The Sindhudesh Revolutionary Army (SRA) has claimed responsibility for attacking the Chinese engineers and Pakistan Rangers in two separate attacks in Karachi on Saturday.
In a recent media statement, Sudho Sindhi, the spokesperson for the group, claimed responsibility for attacks on the Chinese engineers in Clifton, Karachi, and the Rangers’ check post on the Karachi University Road.
Sindhudesh Revolutionary Army is an armed, “pro-independence” group that adheres to the idea of Sindhudesh (literally “Sindhi Country”), independent from Pakistan. The idea was proposed by Sindhi nationalists soon after the independence of Bangladesh in 1972.
The SRA spokesperson said in the statement that Pakistan has “invaded” and “occupied” the islands, coast and other resources of Sindh under the pretext of the China-Pakistan Economic Corridor and other related projects.
He said that the personnel of the Pakistani intelligence agencies break into the houses of the Sindhi nationalists, disgrace and manhandle the women and apprehend innocent children.
The statement further read that the “Sindhudesh” is under the “joint occupation” of both Pakistan and China. The Sindhi nation has the right to resist this “occupation” and defend its homeland.
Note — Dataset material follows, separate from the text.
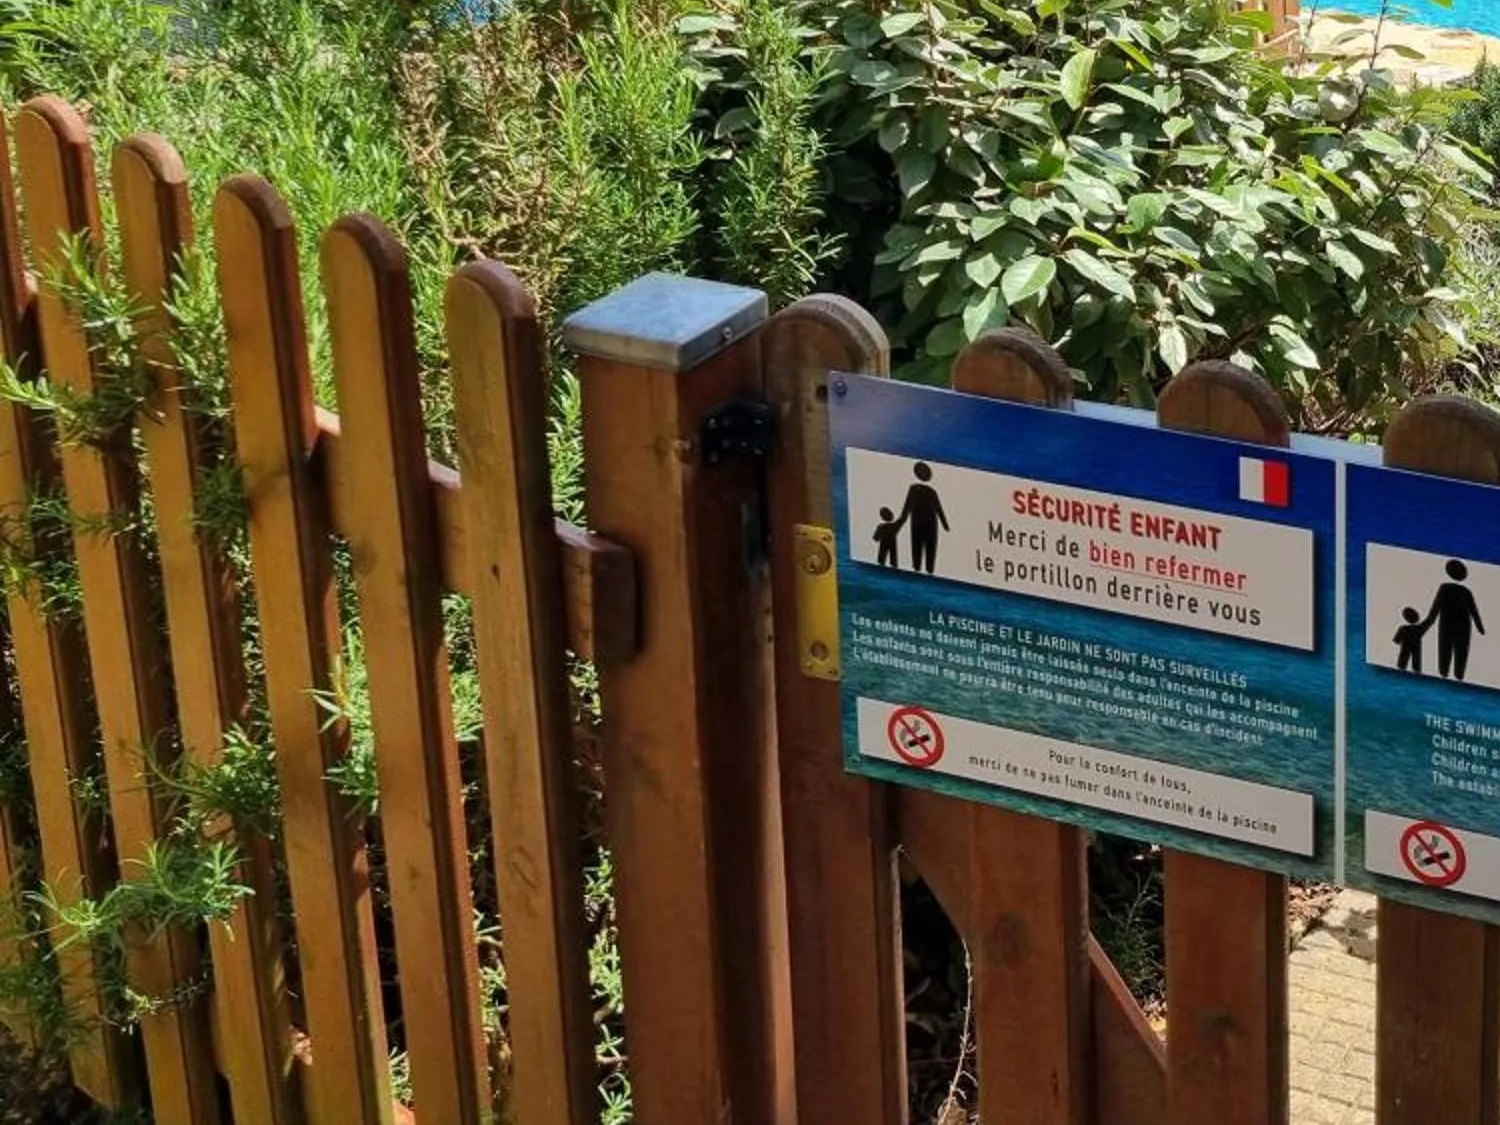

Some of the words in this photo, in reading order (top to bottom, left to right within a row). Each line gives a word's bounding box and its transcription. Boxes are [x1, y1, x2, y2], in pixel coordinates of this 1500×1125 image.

The spokesperson concluded by reiterating that the Sindhudesh Revolutionary Army will continue its struggle until the independence of Sindh.
The SRA has launched similar attacks against the Pakistani forces in the past. Earlier this July, a former Pakistan Rangers’ officer was killed in a grenade attack by the SRA. The group also claimed responsibility for a series of attacks in August this year, including one on the ‘Kashmir rally’ organized by the Jamaat-e-Islami. The group also launched attacks on the Pakistani Independence Day preparations this year.
The SRA also formed a united front with the Baloch Raj Aajoi Sangar, the umbrella organization of Baloch pro-independence organization, with the aim of liberating the “oppressed Balochistan and Sindh” from Pakistan.
Related: Baloch umbrella organisation, BRAS, and Sindh Revolutionary Army to form a united front
It is pertinent to mention that since its inception in 1947, Pakistan has been mired in numerous pro-independence movements in Balochistan, Sindh and Khyber Pakhtunkhwa. Separatist movements have also grown in Gilgit Baltistan and Azad Kashmir. The insurgency in Balochistan has been that longest and most intense pro-independence movement in the country so far.